Across all the records, filter for lines with the word "Football" and copy them.
- - - - - - -
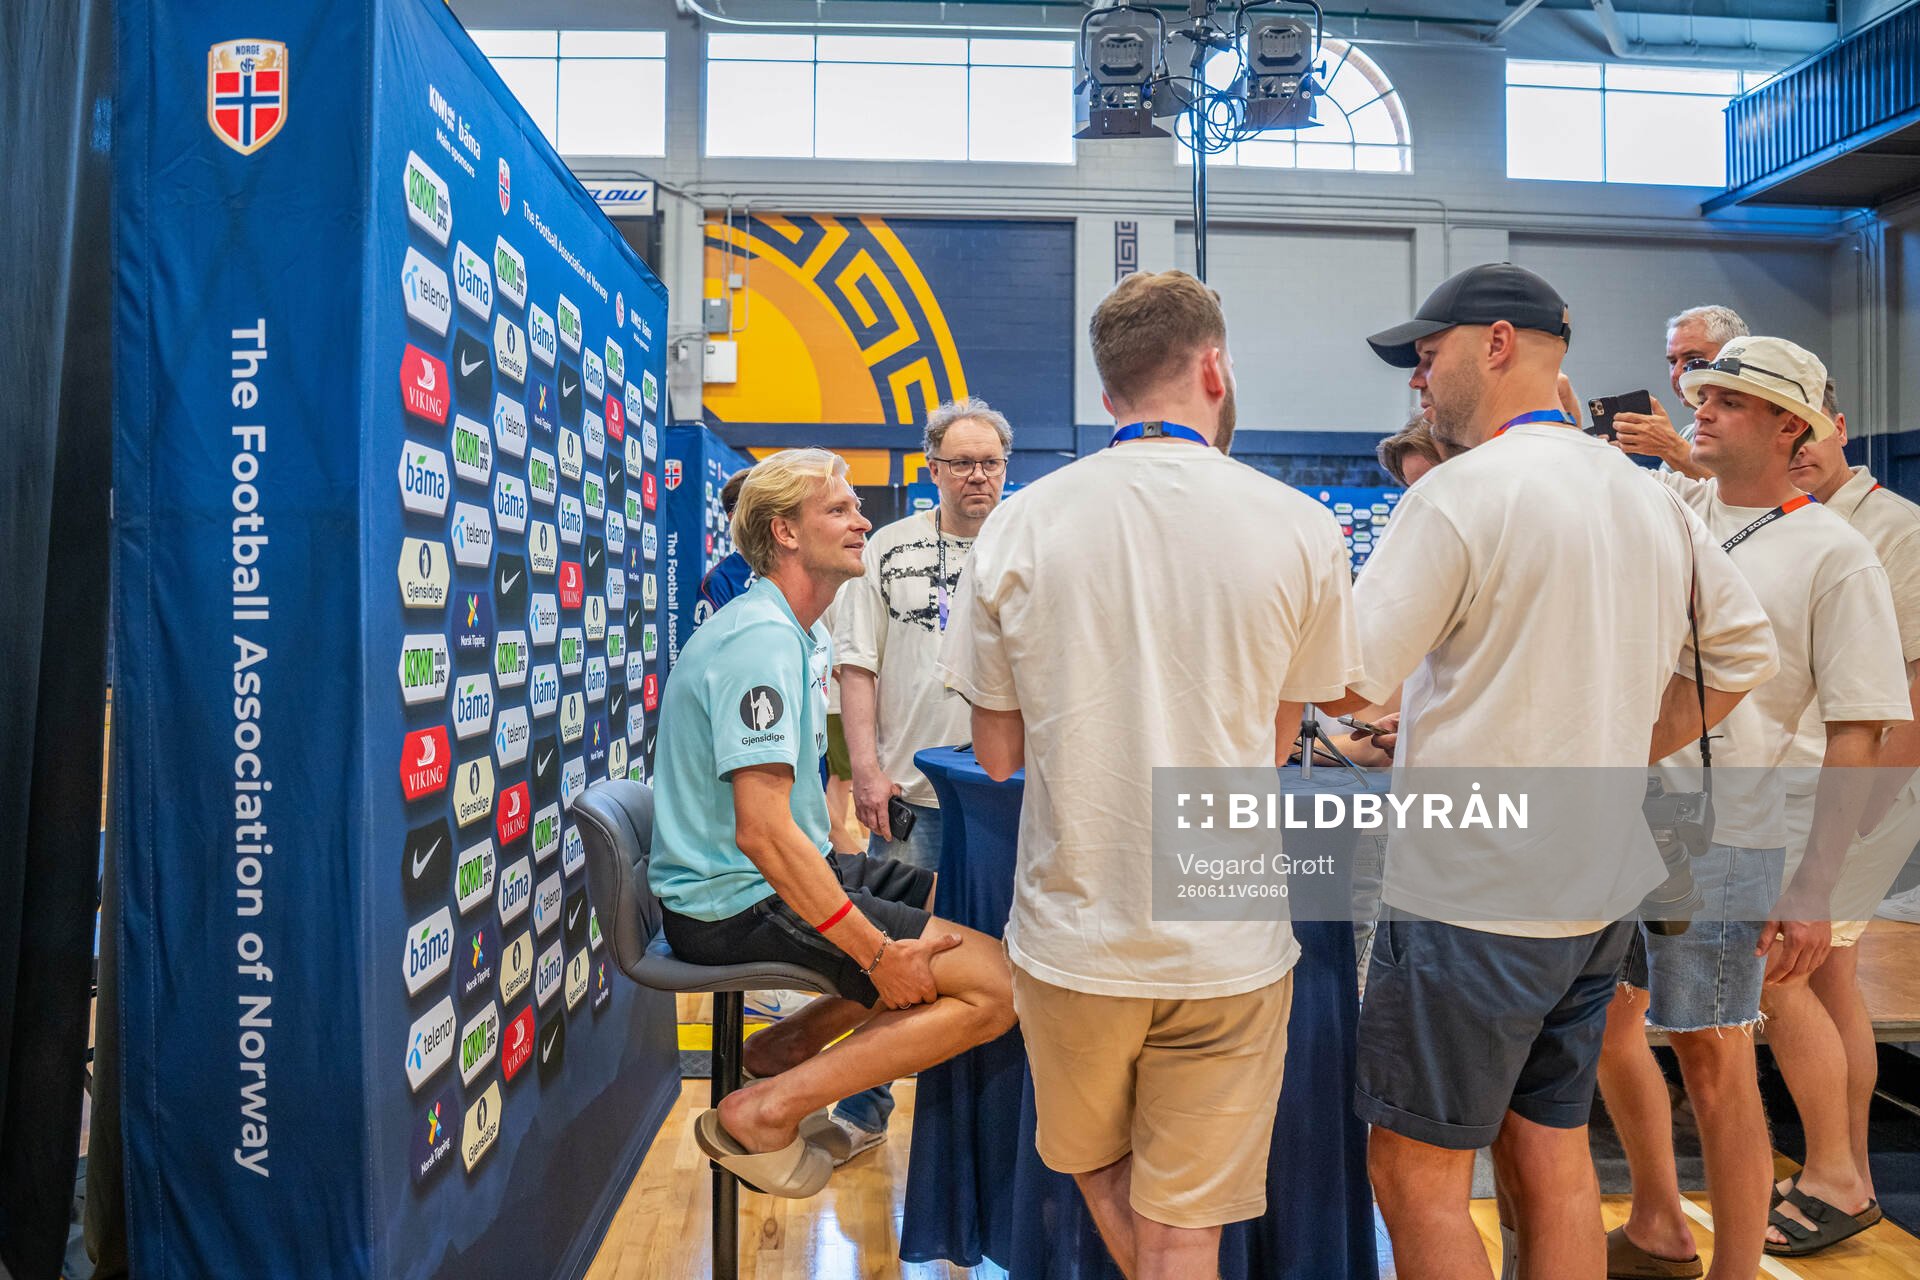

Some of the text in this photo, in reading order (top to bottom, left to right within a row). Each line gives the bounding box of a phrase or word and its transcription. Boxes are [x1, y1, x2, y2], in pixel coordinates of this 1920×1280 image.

[236, 45, 260, 55] NORGE
[430, 83, 448, 124] KIWI
[436, 127, 475, 178] Main sponsors
[458, 115, 480, 160] bama
[410, 164, 436, 222] KIWI
[438, 194, 448, 215] mini
[438, 213, 447, 232] pris
[498, 246, 516, 290] KIWI
[523, 200, 534, 225] The
[535, 213, 558, 250] Football
[558, 240, 586, 280] Association
[592, 274, 608, 304] Norway
[420, 276, 448, 312] telenor
[459, 252, 488, 306] bama
[532, 312, 554, 354] bama
[499, 350, 523, 378] Gjensidige
[409, 386, 442, 417] VIKING
[505, 414, 526, 438] telenor
[456, 427, 480, 468] KIWI
[480, 438, 489, 454] mini
[406, 452, 444, 500] bama
[480, 454, 488, 472] pris
[532, 458, 548, 491] KIWI
[499, 482, 524, 519] bama
[562, 502, 580, 532] bama
[466, 522, 490, 546] telenor
[668, 532, 678, 556] The
[1732, 530, 1748, 543] CUP
[406, 582, 442, 603] Gjensidige
[668, 560, 679, 610] Football
[434, 648, 446, 666] mini
[460, 636, 472, 646] Norsk
[404, 648, 434, 688] KIWI
[498, 642, 518, 674] KIWI
[434, 667, 445, 688] pris
[534, 675, 556, 704] bama
[588, 666, 604, 692] bama
[458, 688, 489, 722] bama
[231, 318, 273, 1178] The Football Association of Norway
[508, 724, 528, 744] telenor
[741, 732, 786, 746] Gjensidige
[409, 765, 443, 792] VIKING
[460, 796, 489, 820] Gjensidige
[502, 814, 526, 838] VIKING
[534, 816, 552, 852] KIWI
[460, 855, 483, 901] KIWI
[502, 873, 528, 912] bama
[544, 888, 560, 912] telenor
[410, 928, 448, 978] bama
[505, 967, 529, 997] Gjensidige
[539, 956, 560, 994] bama
[424, 1016, 454, 1055] telenor
[463, 1020, 487, 1074] KIWI
[508, 1038, 530, 1072] VIKING
[420, 1137, 450, 1176] Norsk Tipping
[468, 1122, 496, 1162] Gjensidige
- - - - - - -
Reply to the task |
[535, 213, 558, 250] Football
[668, 560, 679, 610] Football
[231, 318, 273, 1178] The Football Association of Norway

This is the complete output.